The wealthiest Americans don’t have enough money to cover even $2 trillion in additional spending – assuming they continue to work in America as much as they did before the government took MOST of their earnings:

CRFB reinforced their prior work indicating that taxes on “the rich” could at best fund about one-third of the cost of single payer. Their proposals include $2 trillion in revenue from raising tax rates on the affluent, another $2 trillion from phasing out tax incentives for the wealthy, another $2 trillion from doubling corporate income taxes, $3 trillion from wealth taxes, and $1 trillion from taxes on financial transactions and institutions.

Several of the proposals CRFB analyzed would raise tax rates on the wealthiest households above 60 percent. At these rates, economists suggest that individuals would reduce their income and cut back on work, because they do not see the point in generating additional income if government will take 70 (or 80, or 90) cents on every additional dollar earned. While taxing “the rich” might sound publicly appealing, at a certain point it becomes a self-defeating proposition—and several proposals CRFB vetted would meet, or exceed, that point.

So, Warren is going to have to lean on the middle class for the remaining $3.2 trillion, even if the rich hold still while the government takes 70-90 percent of what they earn. (Unlikely)

Warren likes to tell everyone that her plan will make costs go down. I guess she thinks that government oversight of health care will be more efficient than private sector oversight of health care. Maybe she believes that people in government are more careful about spending taxpayer money than people in private businesses are about spending their own money? In any case, studies from centrist and center-left think tanks disagree with Warren:

Warren and her defenders will likely try to shift the discussion back to total costs, but that’s just a way of repeating the dodge that has dogged her campaign for much of the year. Warren will no doubt claim that costs would go down under her plan, but there are reasons to doubt this, including an analysis from health care economist Kenneth Thorpe finding that under a Sanders-style plan, more than 70 percent of people who currently have private insurance would see costs increase, as well as an Urban Institute analysis projecting that single-payer plans would raise national health care spending by $7 trillion over a decade.

All we have right now to weight against these studies is Warren’s own words, as a candidate wanting to win a popularity contest.

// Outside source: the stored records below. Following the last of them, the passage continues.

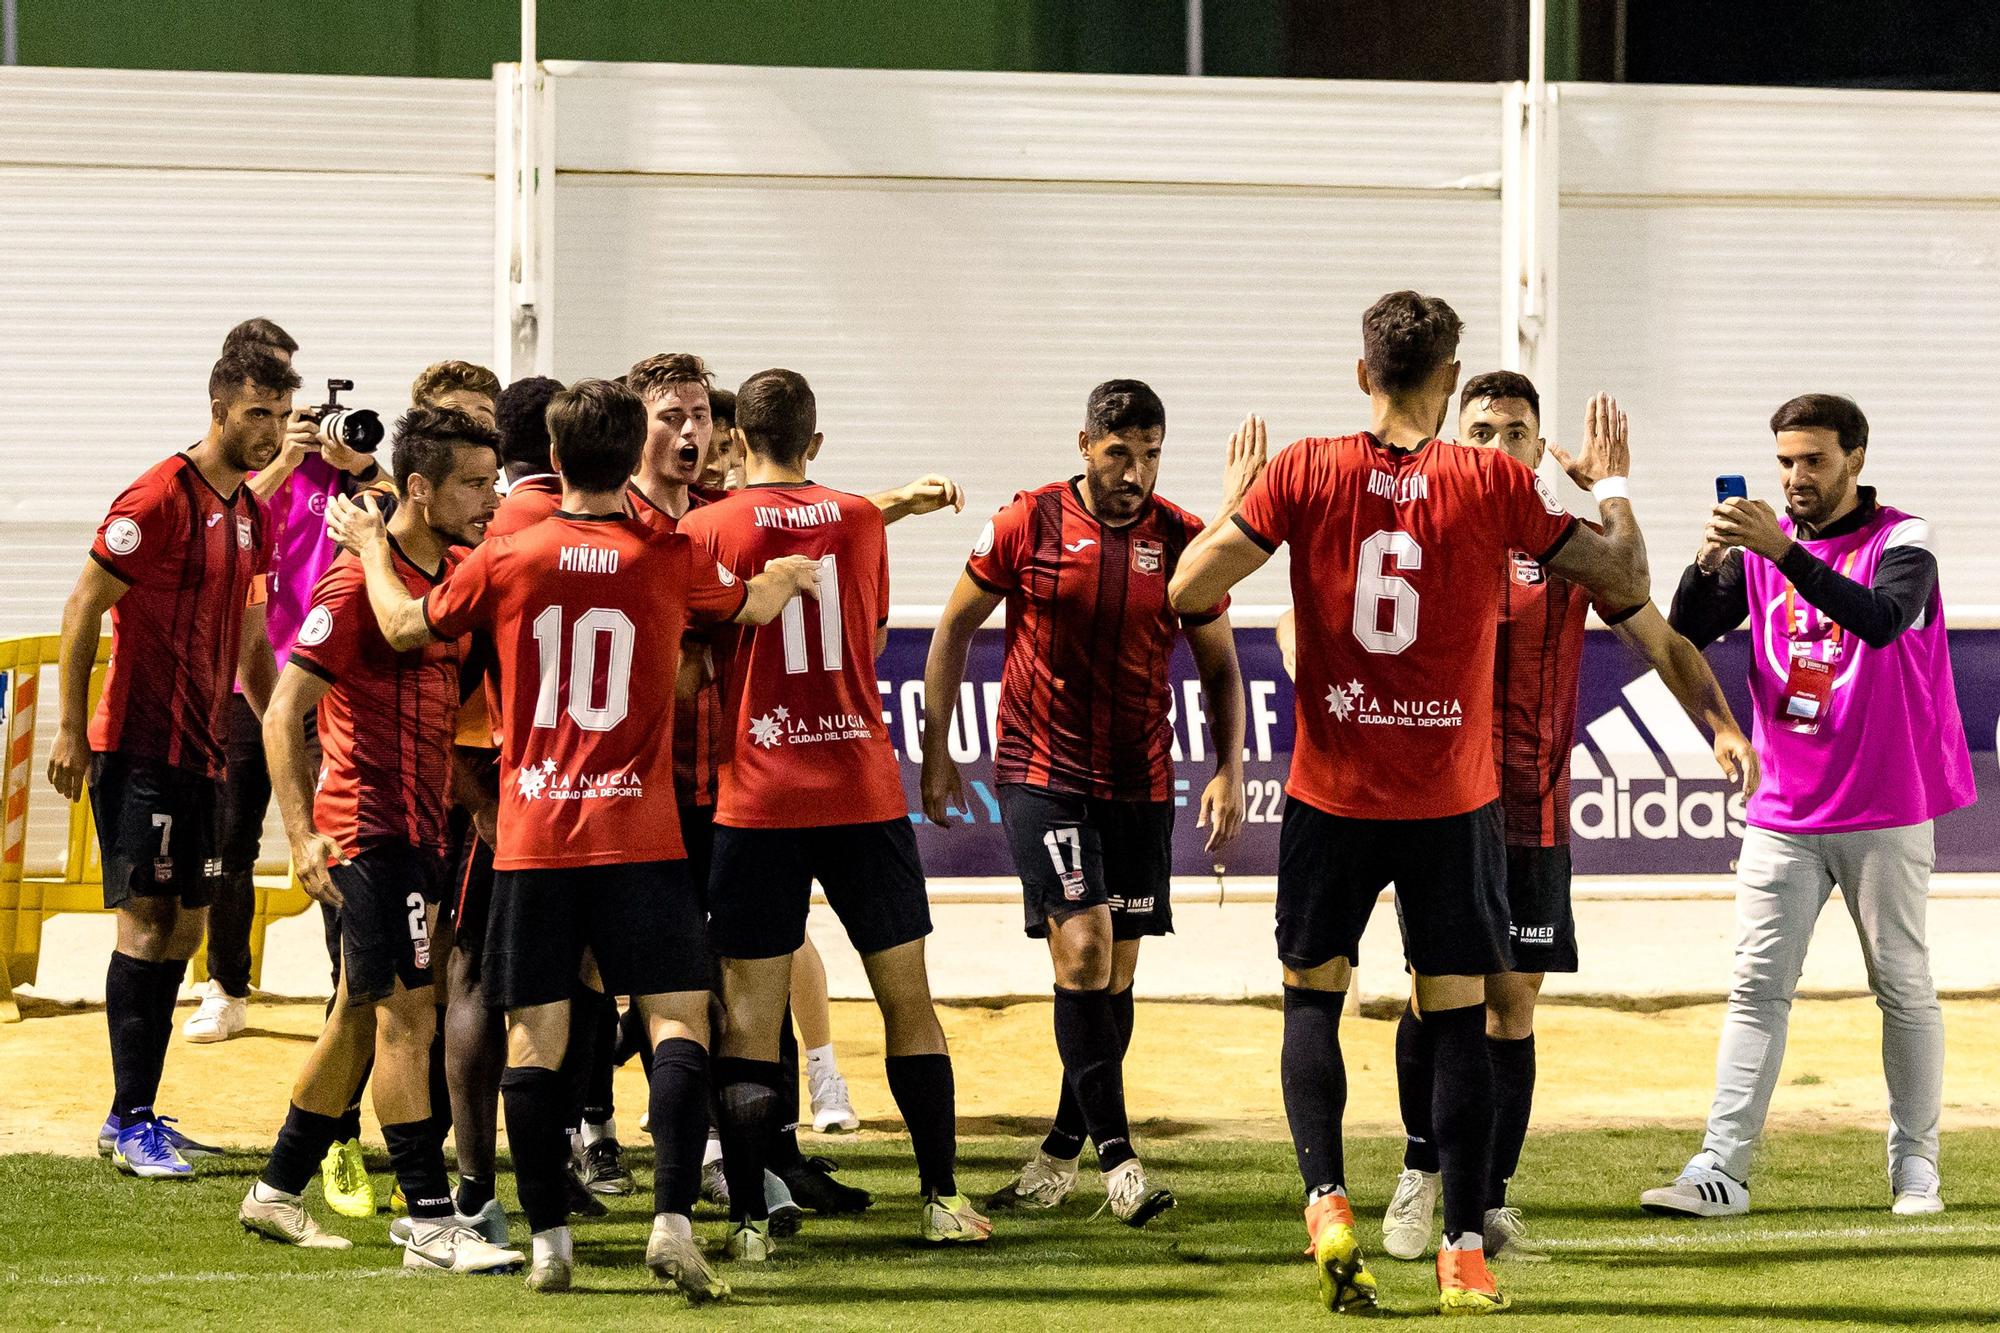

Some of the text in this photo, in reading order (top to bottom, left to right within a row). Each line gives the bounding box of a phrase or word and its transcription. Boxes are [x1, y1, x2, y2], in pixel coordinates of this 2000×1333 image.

[753, 506, 783, 529] JAVI
[784, 499, 842, 529] MARTÍN
[558, 543, 620, 575] MIÑANO
[1352, 529, 1422, 655] 6
[781, 553, 843, 675] 11
[532, 604, 636, 732] 10
[1360, 696, 1380, 713] LA
[787, 717, 808, 734] LA
[1358, 714, 1463, 728] CIUDAD DEL DEPORTE
[788, 729, 872, 745] CIUDAD DEL DEPORTE
[550, 773, 570, 789] LA
[548, 787, 643, 800] CIUDAD DEL DEPORTE
[151, 813, 173, 857] 7
[1042, 827, 1082, 875] 17
[1127, 896, 1154, 908] IMED
[406, 892, 428, 940] 2
[1520, 927, 1554, 938] IMED
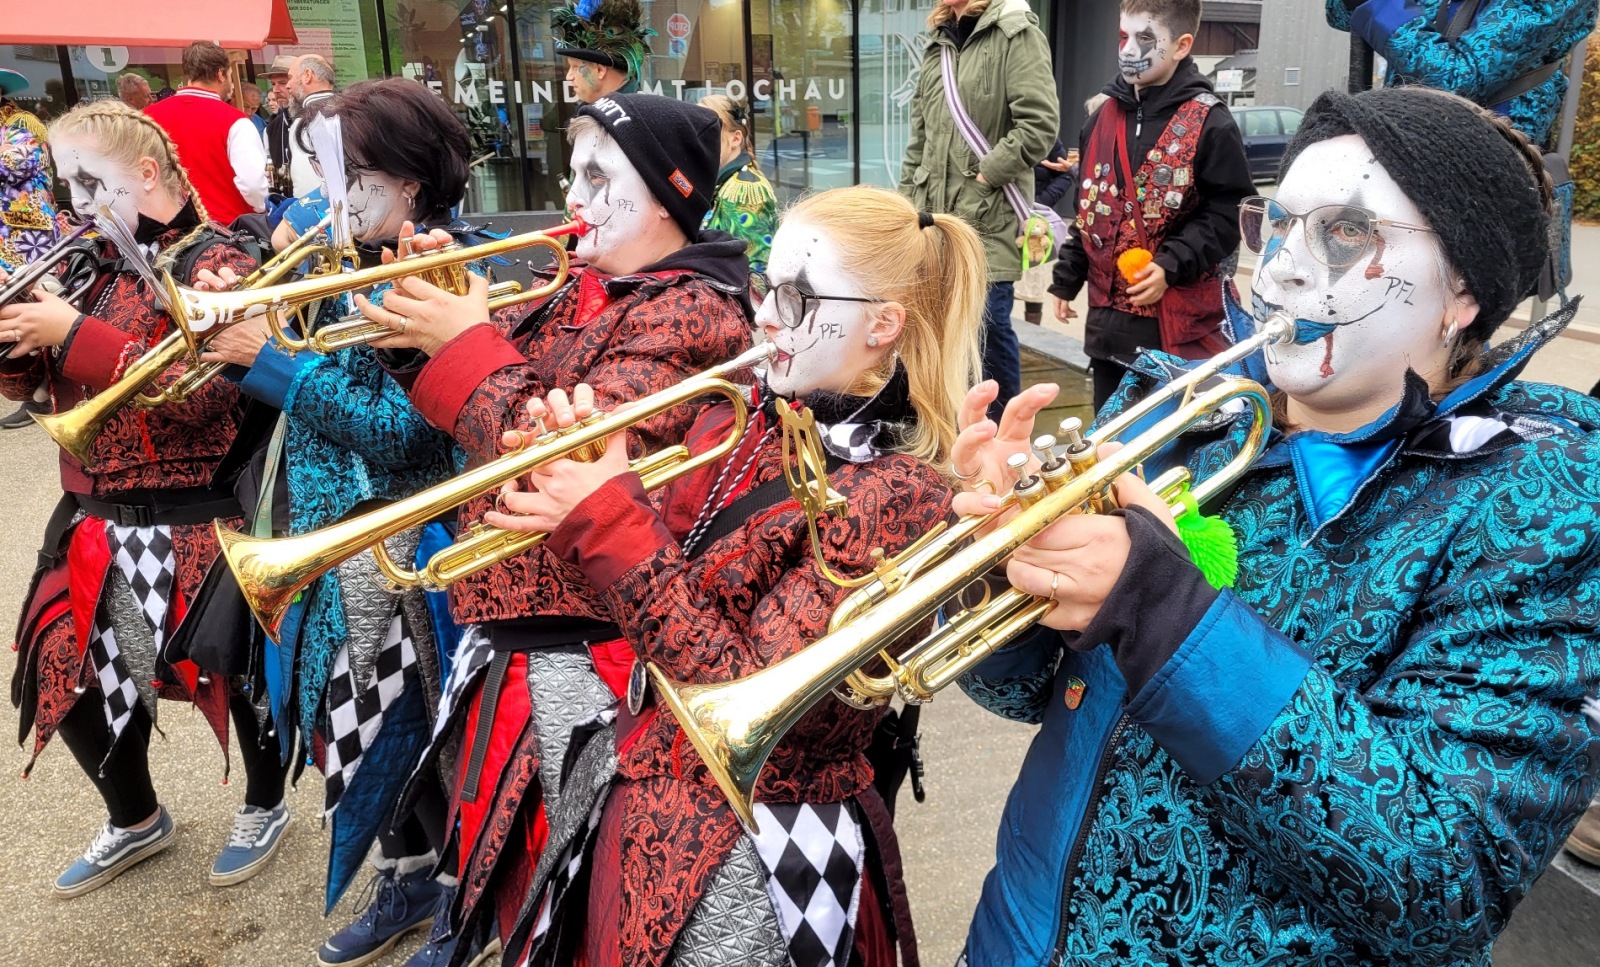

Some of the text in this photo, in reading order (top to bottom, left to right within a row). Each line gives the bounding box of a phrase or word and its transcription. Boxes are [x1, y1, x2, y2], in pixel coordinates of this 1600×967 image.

[616, 198, 638, 213] PFL
[1382, 275, 1418, 306] PFL
[817, 322, 847, 340] PFL

Warren herself says that there would be enormous job losses in the health care industry:

Democratic Massachusetts Sen. Elizabeth Warren admitted Wednesday that Medicare for All could result in two million lost jobs.

In an interview with New Hampshire Public Radio, the Democratic presidential contender said she concurs with a study from the University of Massachusetts-Amherst that said socialized medicine would probably have a devastating impact on the those working in the current private health care industry.

This would create similar health care shortages and waiting lists (with people dying on waiting lists) that we see in single-payer systems such as Canada and the Veteran’s Affairs health care system. Except far worse.

And keep in mind that the middle class pays for health care in Canada:

Socialized medicine in Canada anything but free. The [Fraser Institute] think-tank reported that the average Canadian family spends over $12,000 in taxes on government-funded health care.

That is how single-actually works. We need to look at how single-payer health care works in reality, and not form our opinions of it based on a candidate’s WORDS during an ELECTION CAMPAIGN. Let’s look at evidence, and not just vote for things that sound good and make us feel good and make our friends like us.